Physical characteristics
- Dimensions: 9.17 km (calculated) 9.548±0.155 9.75±0.30 km 9.811±0.063 km
- Synodic rotation period: 2.886±0.002 h 2.8878±0.0004 h 2.90±0.02 h (ii)
- Geometric albedo: 0.21 (assumed) 0.2218±0.0290 0.223±0.030
- Spectral type: S
- Absolute magnitude (H): 12.3 · 12.47±0.25 · 12.5

= 5692 Shirao =

Asteroid

5692 Shirao, provisional designation , is a stony Eunomia asteroid from the middle region of the asteroid belt, approximately 9 kilometers in diameter. It was discovered on 23 March 1992, by Japanese amateur astronomers Kin Endate and Kazuro Watanabe at Kitami Observatory, Hokkaidō, Japan. The asteroid was later named for Japanese geologist and astrophotographer Motomaro Shirao.

== Orbit and classification ==

Shirao is a member of the Eunomia family, a large group of stony asteroids and the most prominent family in the intermediate main-belt. It orbits the Sun in the central main-belt at a distance of 2.2–3.1 AU once every 4 years and 4 months (1,580 days). Its orbit has an eccentricity of 0.18 and an inclination of 12° with respect to the ecliptic.

In 1949, it was first identified as at Goethe Link Observatory.
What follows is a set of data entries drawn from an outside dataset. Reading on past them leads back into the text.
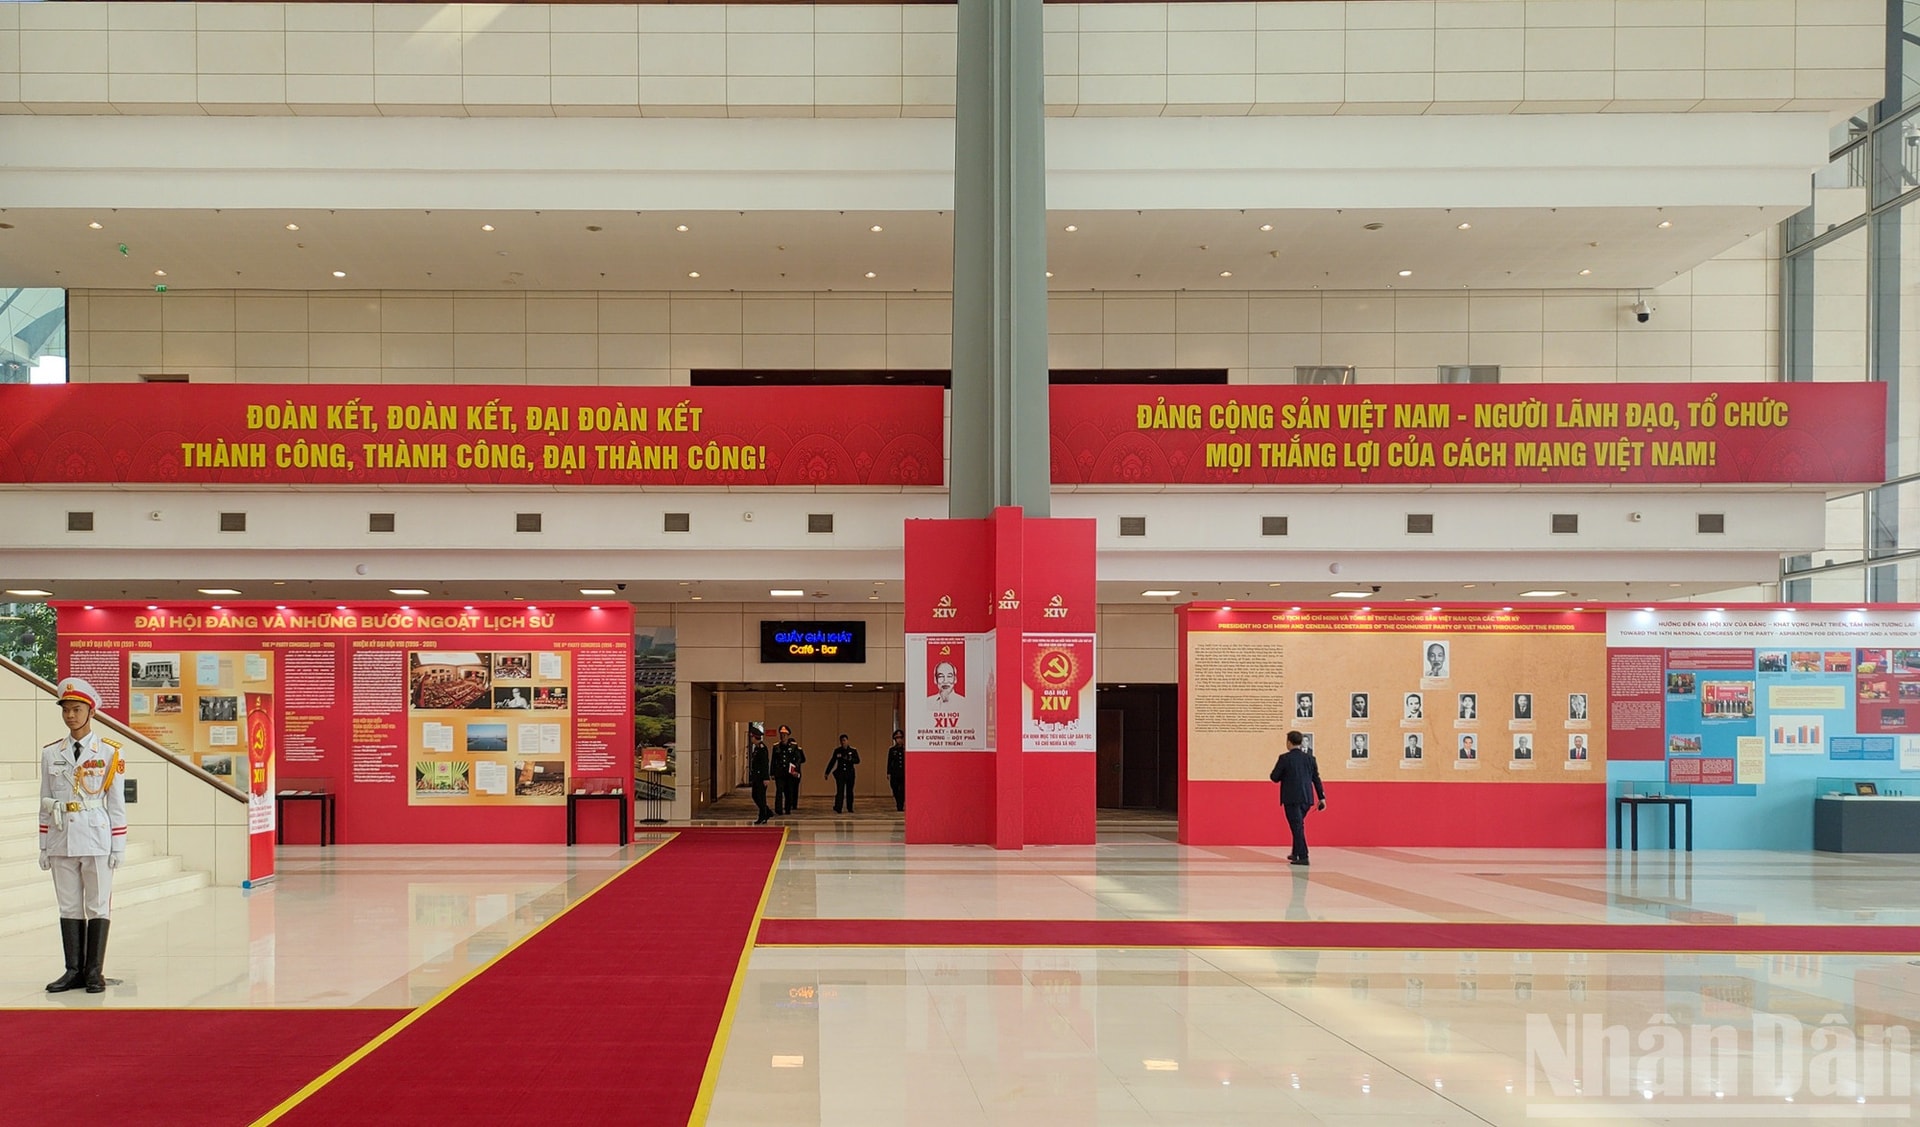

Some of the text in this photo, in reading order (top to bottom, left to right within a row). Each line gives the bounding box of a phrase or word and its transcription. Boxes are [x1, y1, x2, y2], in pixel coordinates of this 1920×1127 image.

[246, 397, 703, 436] ĐOÀN KẾT, ĐOÀN KẾT, ĐẠI ĐOÀN KẾT
[1135, 397, 1202, 429] ĐẢNG
[1209, 399, 1273, 434] CỘNG
[1281, 396, 1331, 429] SẢN
[1337, 399, 1387, 434] VIỆT
[1394, 404, 1450, 429] NAM
[1474, 397, 1548, 428] NGƯỜI
[1556, 398, 1618, 427] LÃNH
[1625, 403, 1679, 432] ĐẠO,
[1687, 392, 1718, 427] TỔ
[1724, 397, 1789, 427] CHỨC
[181, 438, 766, 474] THÀNH CÔNG, THÀNH CÔNG, ĐẠI THÀNH CÔNG!
[1206, 434, 1716, 473] MỌI THẮNG LỢI CỦA CÁCH MẠNG VIỆT NAM!
[998, 600, 1020, 609] XIV
[932, 608, 957, 618] XIV
[1043, 608, 1068, 618] XIV
[134, 612, 555, 631] ĐẠI HỘI ĐẢNG VÀ NHỮNG BƯỚC NGOẶT LỊCH SỬ
[789, 644, 814, 654] Café
[821, 644, 838, 654] Bar
[1040, 696, 1071, 710] XIV
[935, 718, 959, 728] XIV
The body's observation arc begins in 1955, with a precovery at Palomar Observatory, 37 years prior to its official discovery observation at Kitami.
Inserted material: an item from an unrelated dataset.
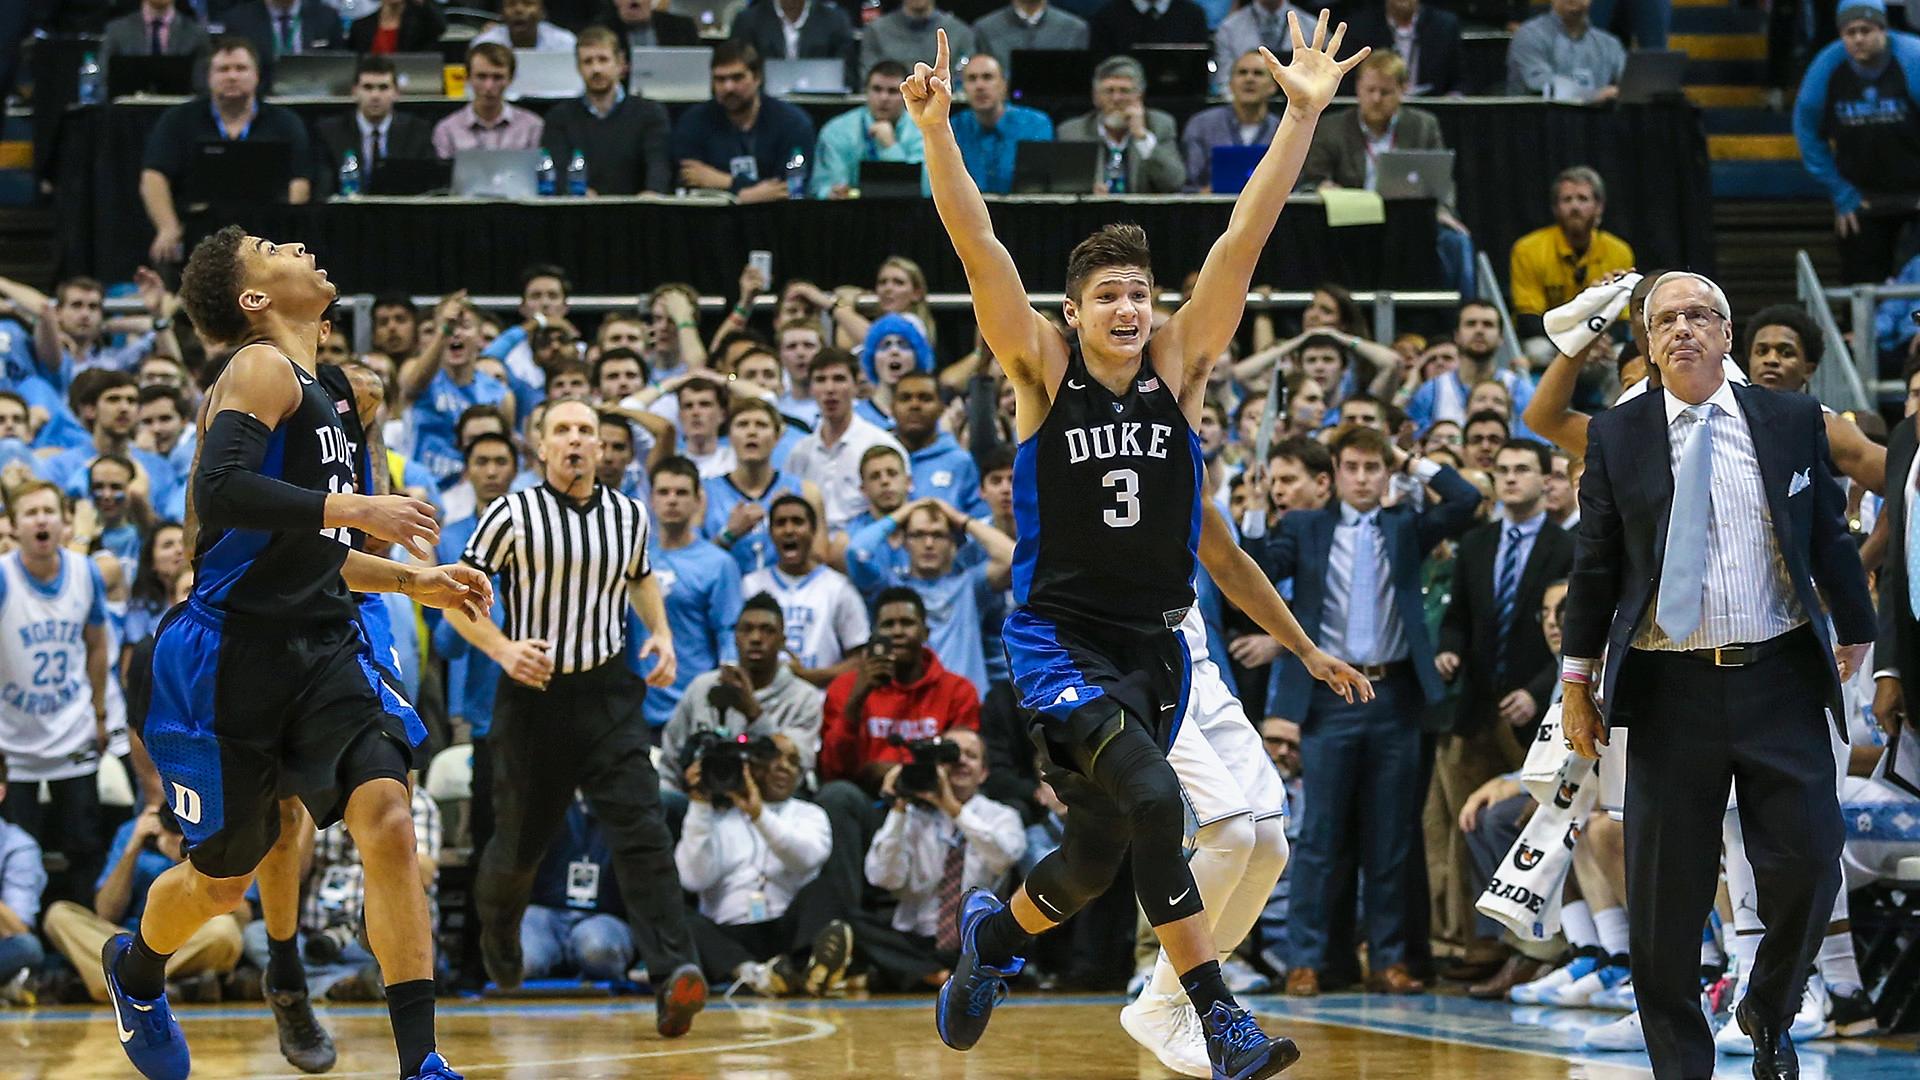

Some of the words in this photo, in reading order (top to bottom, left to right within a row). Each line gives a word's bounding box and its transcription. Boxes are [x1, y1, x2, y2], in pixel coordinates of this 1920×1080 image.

[1065, 422, 1172, 464] DUKE
[1102, 468, 1140, 528] 3
[33, 649, 68, 686] 23
[171, 781, 201, 824] D
== Physical characteristics ==

=== Rotation period ===

In June 2014, a rotational lightcurve of Shirao was obtained from photometric observations made by American astronomer Brian Warner at his Palmer Divide Observatory (716) in Colorado. It gave a well-defined rotation period of 2.8878 hours with a brightness variation of 0.16 magnitude (U=3).

Previous lightcurves were obtained by French astronomer René Roy (2.90 hours, Δ 0.13 mag, U=2) in June 2001, by American astronomer Donald P. Pray (2.886 hours, Δ 0.12 mag, U=2) in March 2005, and by astronomers Dominique Suys, Hugo Riemis and Jan Vantomme (2.90 hours, Δ 0.15 mag, U=2+) in September 2006.

=== Diameter and albedo ===

According to the surveys carried out by NASA's Wide-field Infrared Survey Explorer and its subsequent NEOWISE mission, Shirao measures between 9.5 and 9.8 kilometers in diameter and its surface has an albedo of 0.22, while the Collaborative Asteroid Lightcurve Link assumes a standard albedo of 0.21 – derived from 15 Eunomia, the largest member and namesake of this asteroid family – and calculates a diameter of 9.2 kilometers.

== Naming ==

This minor planet was named after Motomaro Shirao (born 1953), a Japanese geologist and astrophotographer, who is known for his photographs of volcanoes and lunar geological features. The official naming citation was published by the Minor Planet Center on 4 April 1996 (M.P.C. 26930).